= Supplied records =
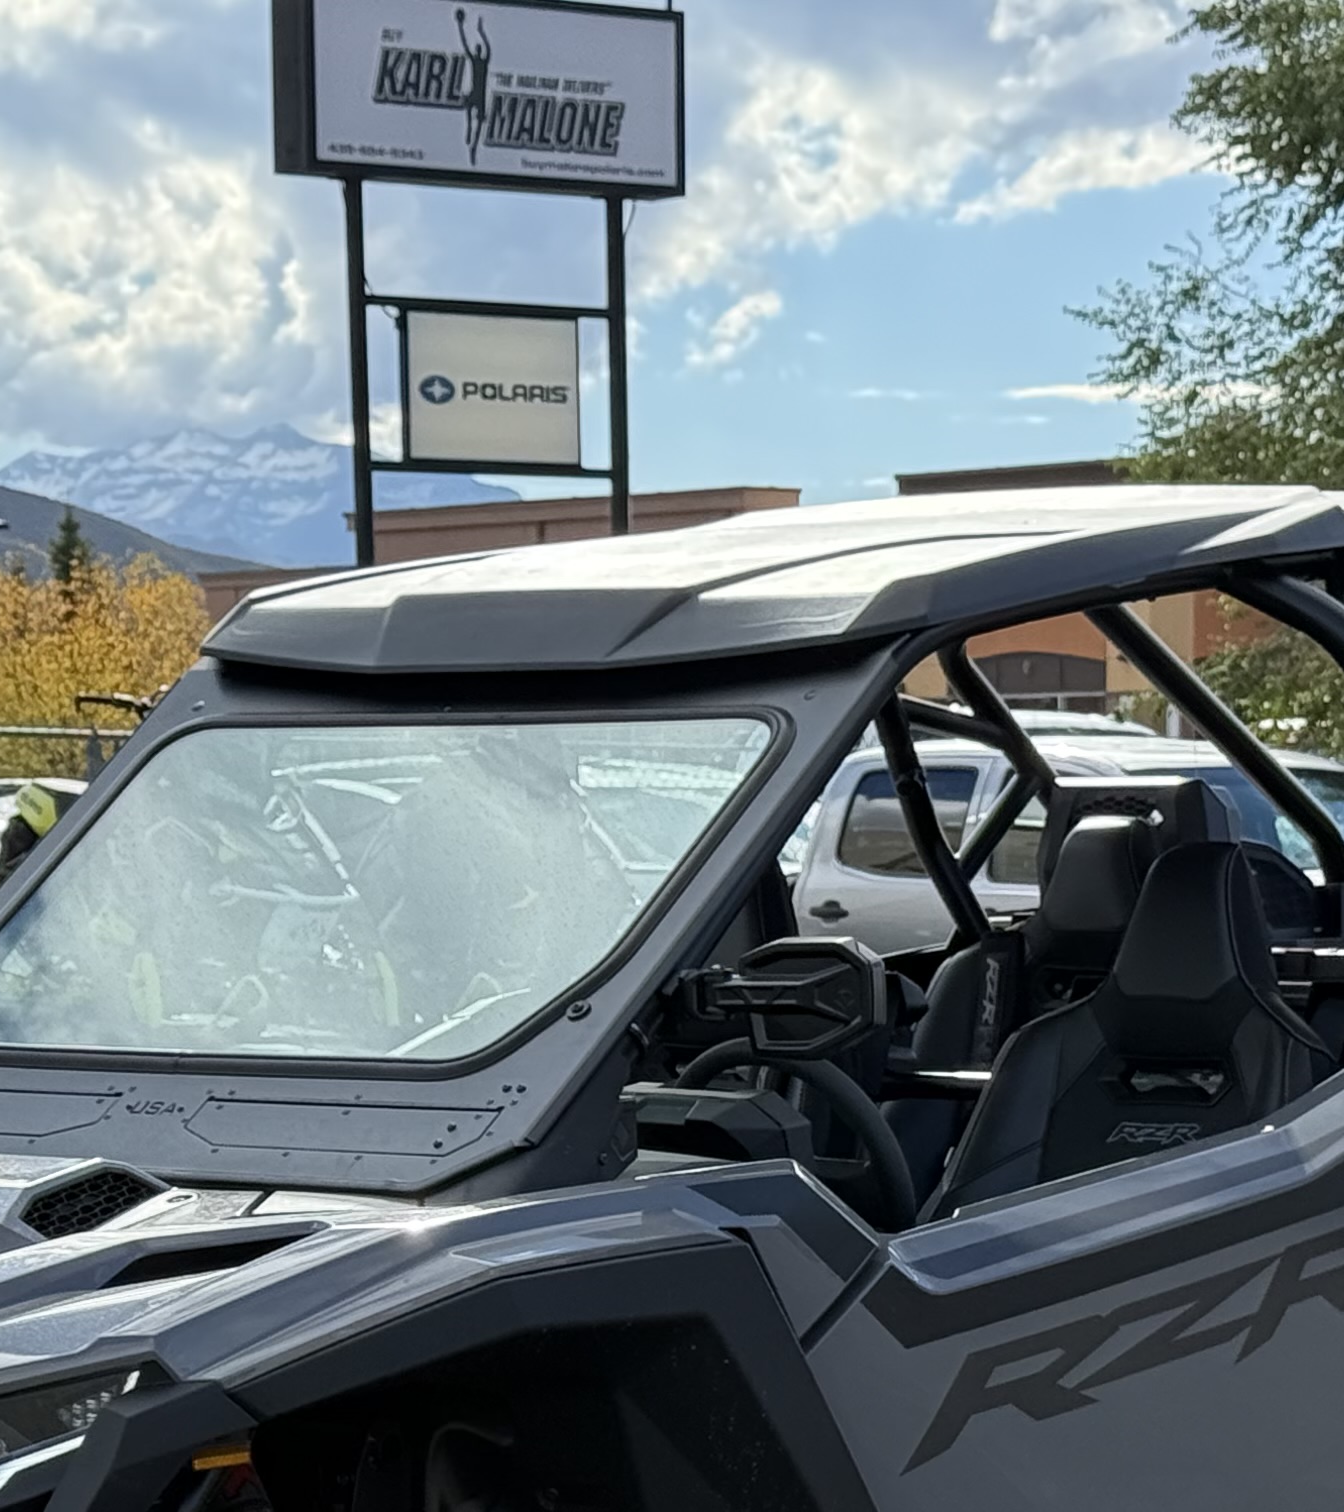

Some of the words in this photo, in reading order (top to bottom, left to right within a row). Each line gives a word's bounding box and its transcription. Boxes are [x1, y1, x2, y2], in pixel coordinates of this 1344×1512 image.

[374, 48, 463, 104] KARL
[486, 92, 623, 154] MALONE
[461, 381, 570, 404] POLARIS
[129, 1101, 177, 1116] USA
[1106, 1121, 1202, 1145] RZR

= What is expected =
Leave out the pictures and return the listing exactly.

= Answer box =
Some of the words in this photo, in reading order (top to bottom, left to right within a row). Each line gives a word's bounding box and its transcription. Boxes are [x1, y1, x2, y2], in pixel coordinates of this 1344×1512 image.

[374, 48, 463, 104] KARL
[486, 92, 623, 154] MALONE
[461, 381, 570, 404] POLARIS
[129, 1101, 177, 1116] USA
[1106, 1121, 1202, 1145] RZR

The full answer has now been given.